## How to complete this task
An exact reprint of the listing is required, with no pictures included.

## Data shown
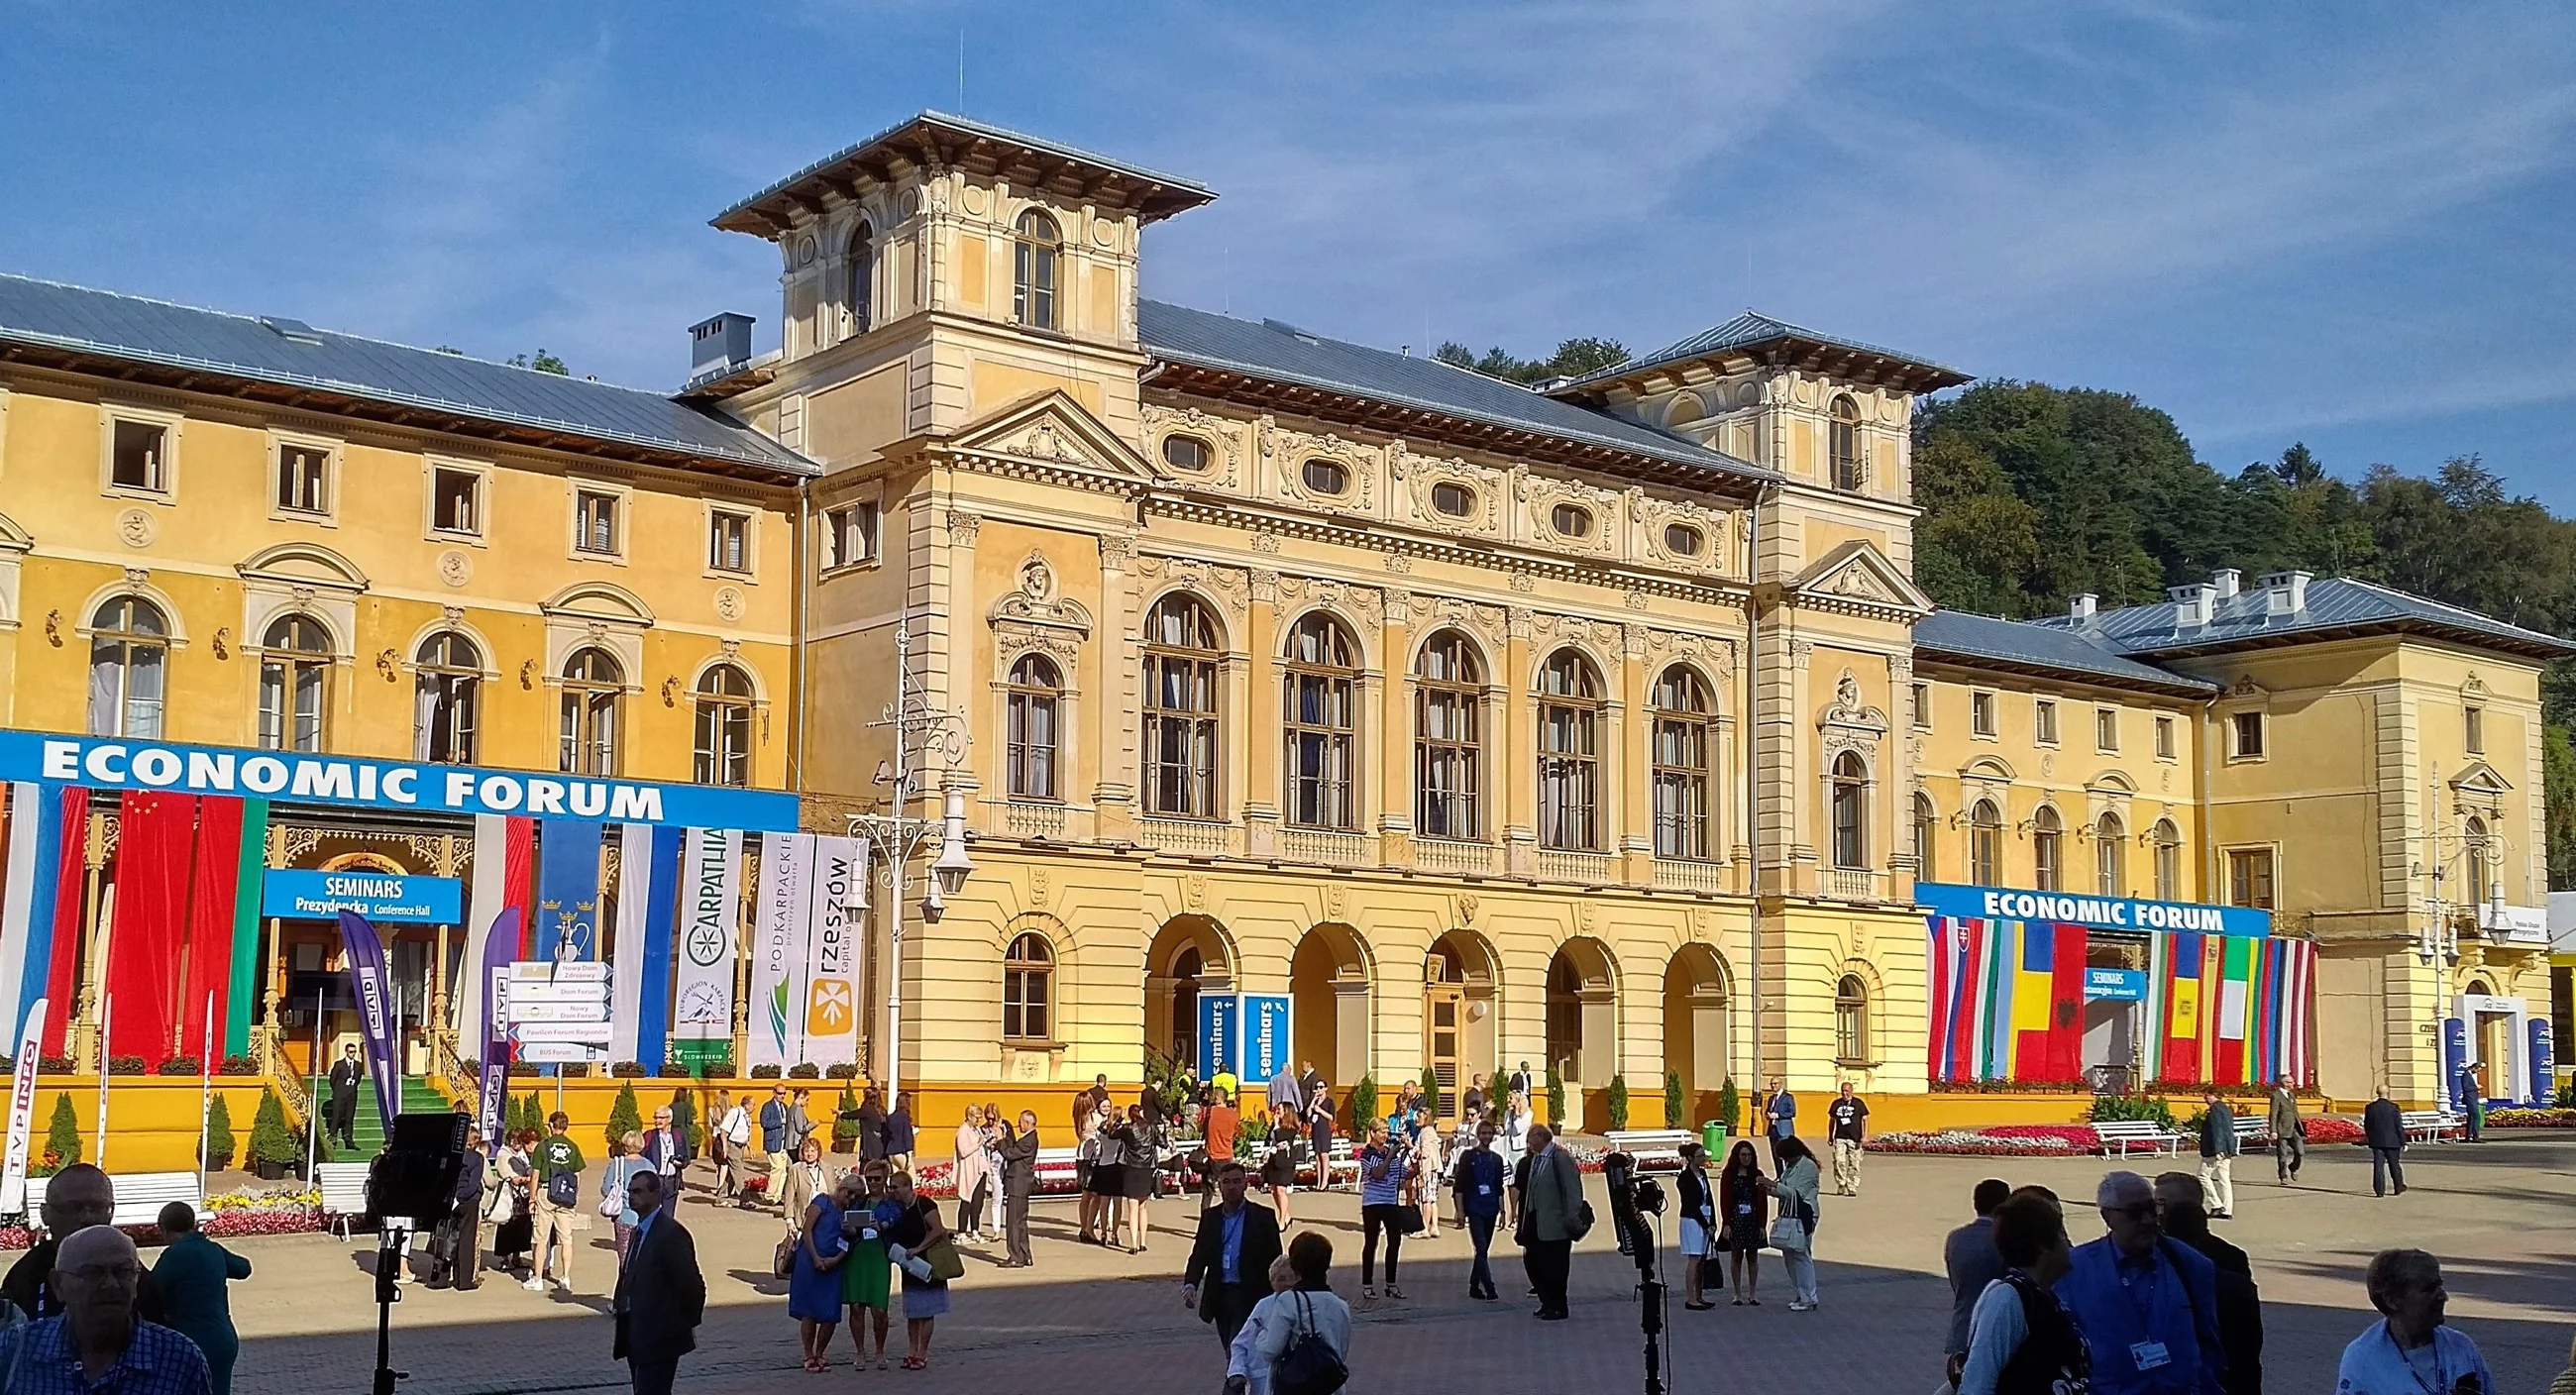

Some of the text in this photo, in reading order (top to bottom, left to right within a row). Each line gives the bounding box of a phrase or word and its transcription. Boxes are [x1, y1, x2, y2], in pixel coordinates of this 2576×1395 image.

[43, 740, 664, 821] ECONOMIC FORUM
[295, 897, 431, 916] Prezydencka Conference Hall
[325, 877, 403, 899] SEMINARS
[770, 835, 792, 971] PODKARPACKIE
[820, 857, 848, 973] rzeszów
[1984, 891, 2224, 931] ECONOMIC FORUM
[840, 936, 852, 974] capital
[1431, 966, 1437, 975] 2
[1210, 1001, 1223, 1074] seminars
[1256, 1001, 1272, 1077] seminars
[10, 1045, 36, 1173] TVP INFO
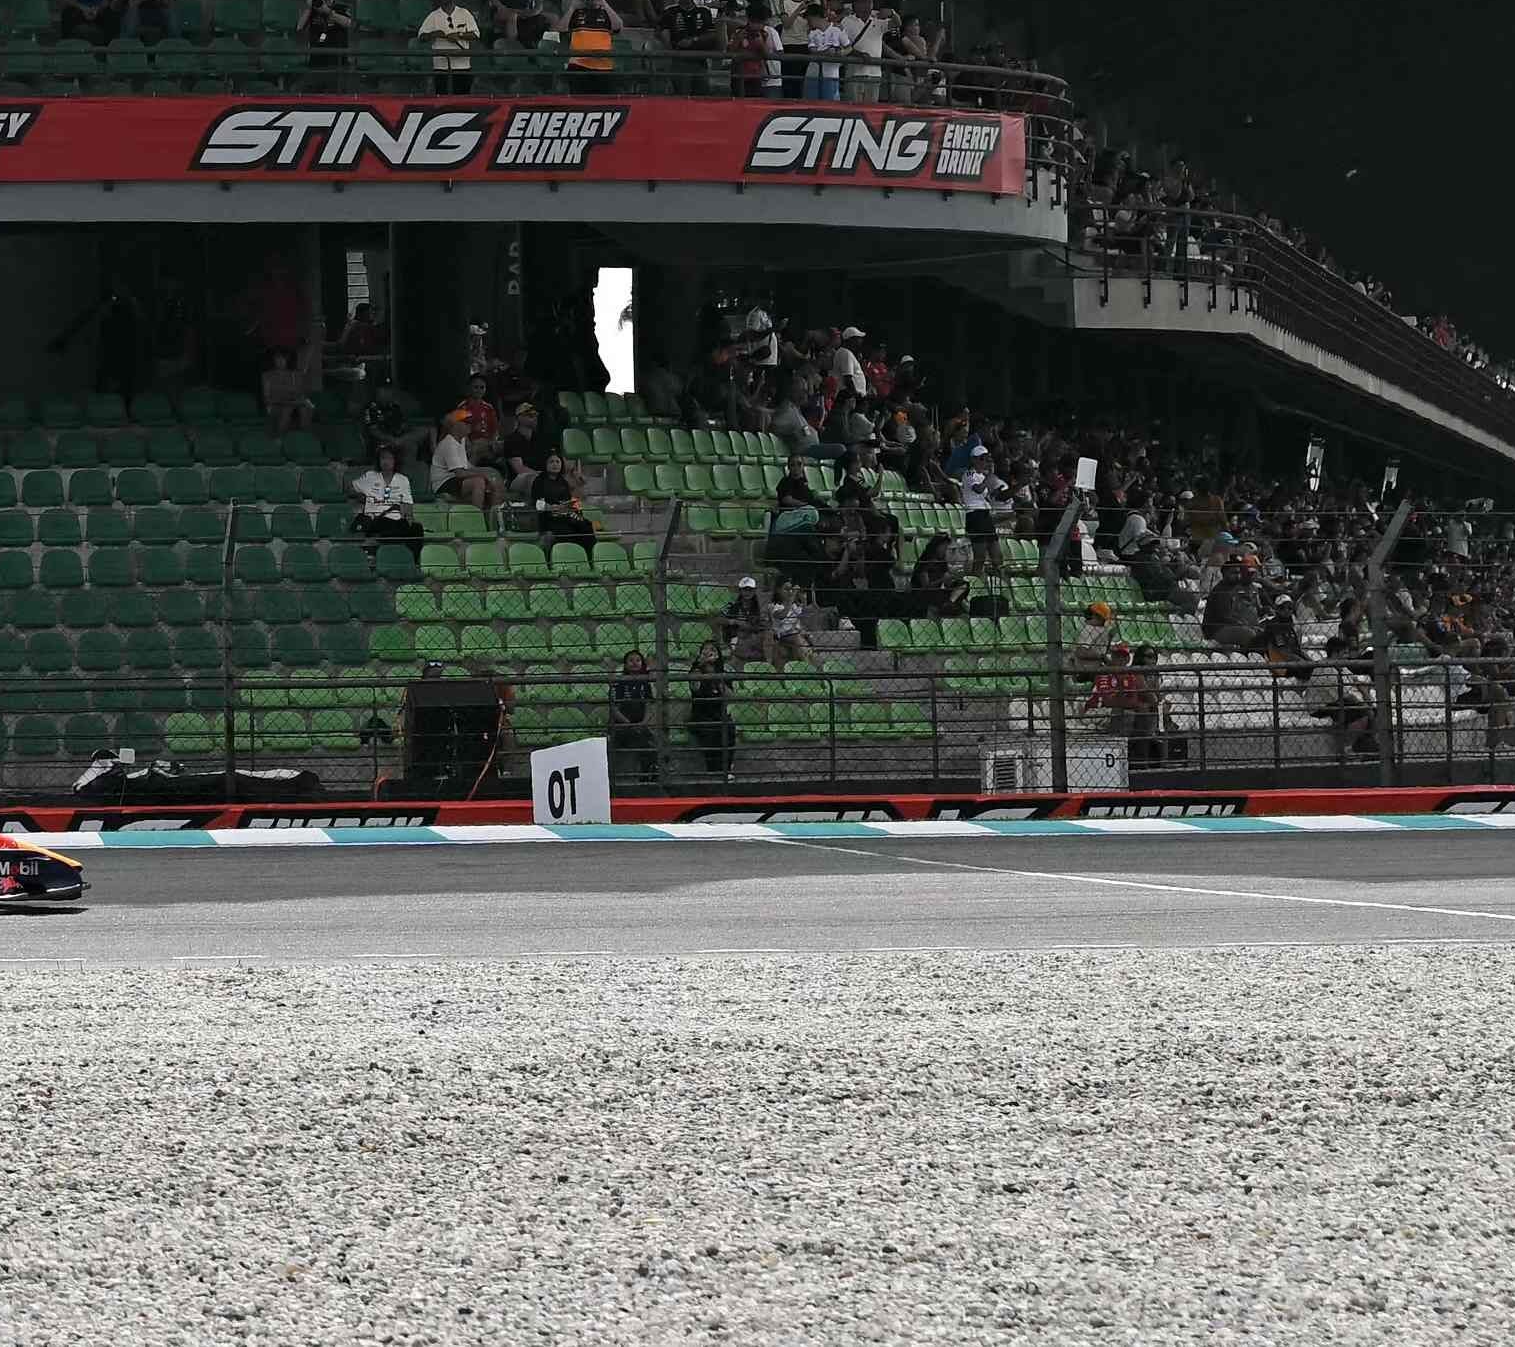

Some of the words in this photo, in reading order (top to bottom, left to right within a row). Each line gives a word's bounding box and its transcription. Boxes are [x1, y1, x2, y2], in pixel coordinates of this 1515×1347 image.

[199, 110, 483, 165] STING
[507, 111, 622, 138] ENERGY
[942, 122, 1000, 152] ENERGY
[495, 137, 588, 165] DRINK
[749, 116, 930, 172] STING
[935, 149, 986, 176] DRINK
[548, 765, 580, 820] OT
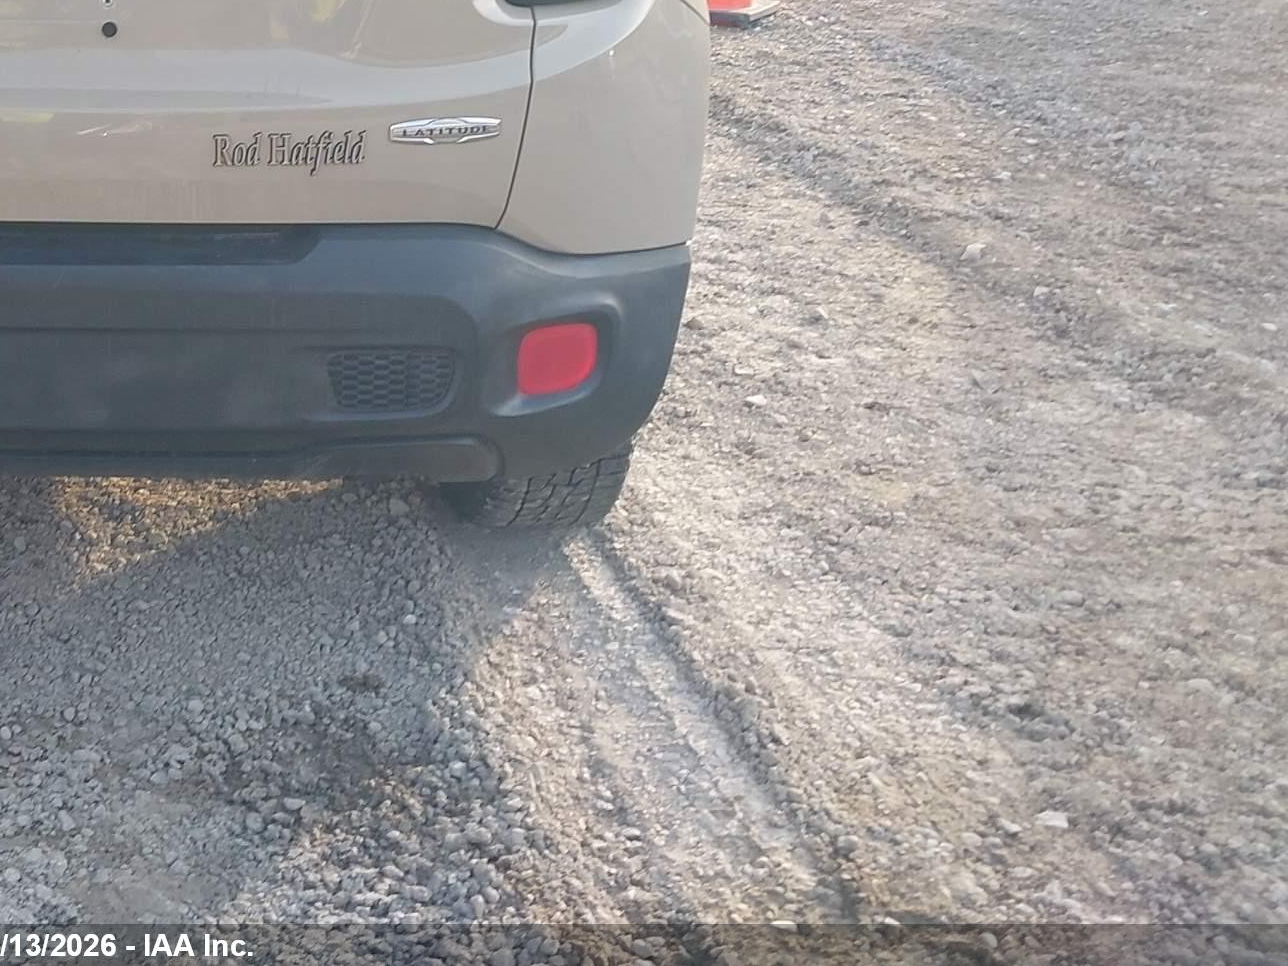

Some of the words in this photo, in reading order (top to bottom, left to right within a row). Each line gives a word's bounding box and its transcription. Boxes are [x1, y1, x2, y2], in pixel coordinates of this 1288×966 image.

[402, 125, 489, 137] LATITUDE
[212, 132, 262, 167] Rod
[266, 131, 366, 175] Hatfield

## Answer space
Some of the text in this photo, in reading order (top to bottom, left to right within a row). Each line gives the bounding box of a phrase or word and its transcription. Boxes are [x1, y1, x2, y2], in pixel coordinates of this 2576×1395 image.

[43, 740, 664, 821] ECONOMIC FORUM
[295, 897, 431, 916] Prezydencka Conference Hall
[325, 877, 403, 899] SEMINARS
[770, 835, 792, 971] PODKARPACKIE
[820, 857, 848, 973] rzeszów
[1984, 891, 2224, 931] ECONOMIC FORUM
[840, 936, 852, 974] capital
[1431, 966, 1437, 975] 2
[1210, 1001, 1223, 1074] seminars
[1256, 1001, 1272, 1077] seminars
[10, 1045, 36, 1173] TVP INFO

Some of the words in this photo, in reading order (top to bottom, left to right within a row). Each line gives a word's bounding box and its transcription. Boxes are [x1, y1, x2, y2], in pixel coordinates of this 1515×1347 image.

[199, 110, 483, 165] STING
[507, 111, 622, 138] ENERGY
[942, 122, 1000, 152] ENERGY
[495, 137, 588, 165] DRINK
[749, 116, 930, 172] STING
[935, 149, 986, 176] DRINK
[548, 765, 580, 820] OT

Some of the words in this photo, in reading order (top to bottom, left to right within a row). Each line gives a word's bounding box and its transcription. Boxes are [x1, y1, x2, y2], in pixel coordinates of this 1288×966 image.

[402, 125, 489, 137] LATITUDE
[212, 132, 262, 167] Rod
[266, 131, 366, 175] Hatfield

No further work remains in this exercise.